Sunday, December 10, 2006

The Flock's Back Home!

Hello, F.O.T.E.'s!
Well, we're all home in the Big City again. We actually got home a couple nights ago.
I wanted to share the words to a hymn that has come to mind repeatedly over the past couple weeks. The title is _He Giveth More Grace_ and the composer is Annie Flint.



"He giveth more grace as our burdens grow greater,
He sendeth more strength as our labors increase;
To added afflictions He addeth His mercy,
To multiplied trials he multiplies peace.

When we have exhausted our store of endurance,
When our strength has failed ere the day is half done,
When we reach the end of our hoarded resources
Our Father’s full giving is only begun.

His love has no limits, His grace has no measure,
His power no boundary known unto men;
For out of His infinite riches in Jesus
He giveth, and giveth, and giveth again."

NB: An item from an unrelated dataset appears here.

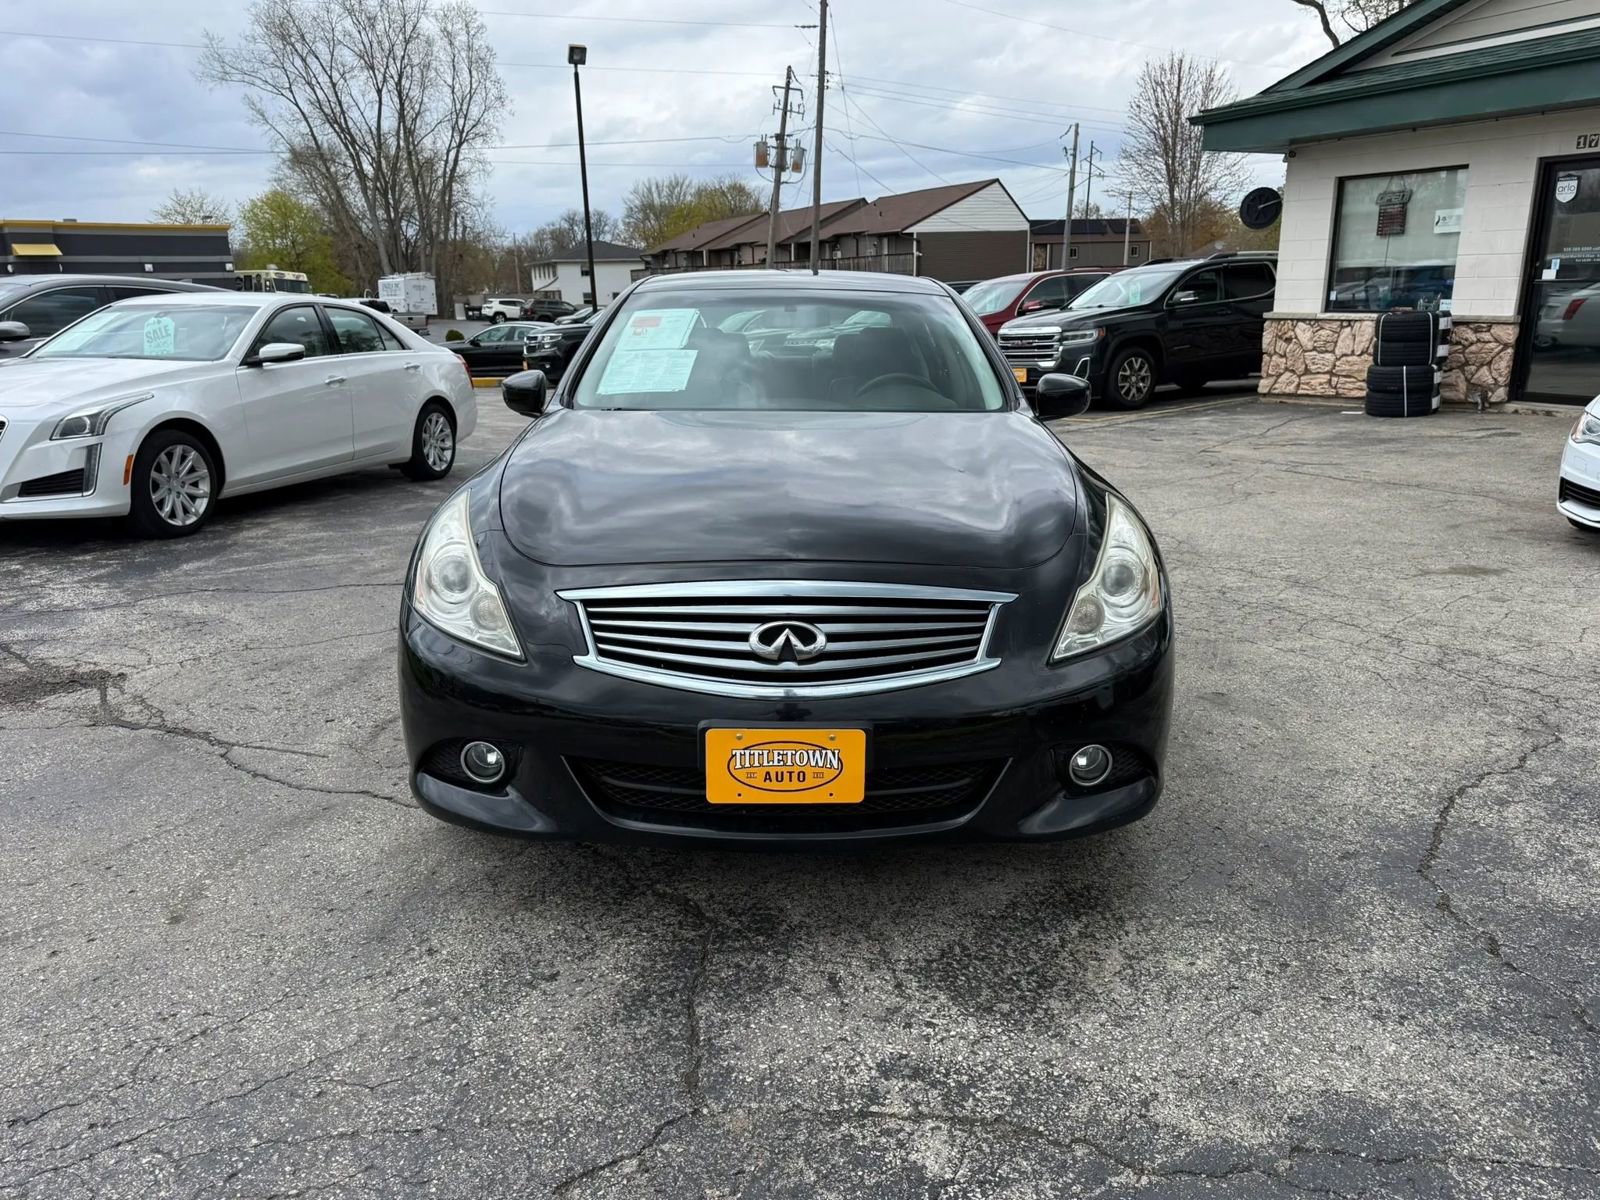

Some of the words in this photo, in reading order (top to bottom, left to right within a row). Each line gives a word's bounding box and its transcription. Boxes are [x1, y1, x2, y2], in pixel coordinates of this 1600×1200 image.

Friends, we have experienced every line and phrase of that song over the past 2 weeks. During childbirth, there came a point (as there always does ;-) when I said, "Nope. I can't do this." Now, I've said that during every delivery, and I know it's what they call an "emotional milestone" of labor. But, when you're in the middle of it, you really believe it! I thought, "THIS time I MEAN it!! I *can't* do it!!!" The Ram calmly, knowingly said, "You CAN do it! You ARE doing it! You've done it 4 times before!" About that time, I asked the midwife to check my progress (you gals know what that means, lol ;-) Six cm. Just over half way dilated. Bummer. With the other babies I was at least 7 cm before I "Couldn't do it." LOL This time, I thought, "If I've got to do this so many more hours, I just can't." But, somehow, the Lord granted just enough endurance to get through just ONE MORE contraction.
See, when we look at The Whole Elephant, we think, "Wow. I could never eat that whole thing!!" But if we just concentrate on "One bite at a time" we can eventually eat that rascal. Now, don't chase that rabbit--I'm not talking about gluttony, lol, but rather disciplining our mind. During labor, I need my husband there, filling my mind with truth, placing his hands over mine on the reins as I try to steer my thoughts away from fear and panic.
Now, I don't remember much from between the "I can't do this" moment to holding Lil Miss H and Sunflower Girl in my arms. But, I'm sitting here, two weeks later and, guess what?! BY GOD'S GRACE, I *did* do it! I don't understand it.
I don't understand the peace that the Lord gave us as we said goodbye to our beloved daughter. I don't understand the peace he gave as we buried my dear mother, only a couple days later (Grandma Ewe died the day after Sunflower Girl).
I don't understand why He loved us so much, He sent His Son, Jesus, to take our punishment (death) so that we can be with Him in heaven one day. We can't earn that grace. It is a gift from God.
Oh me...I've rambled on again. I hear The Ram coming in with groceries. I tell you what, I'm a "kept woman." :-)
Hey, here's another favor you can do for me...if you haven't found your Christmas music yet, rustle around in that old cardboard box (or wherever) and see if you can't find it. It's Jesus' Birthday!!! Let's celebrate!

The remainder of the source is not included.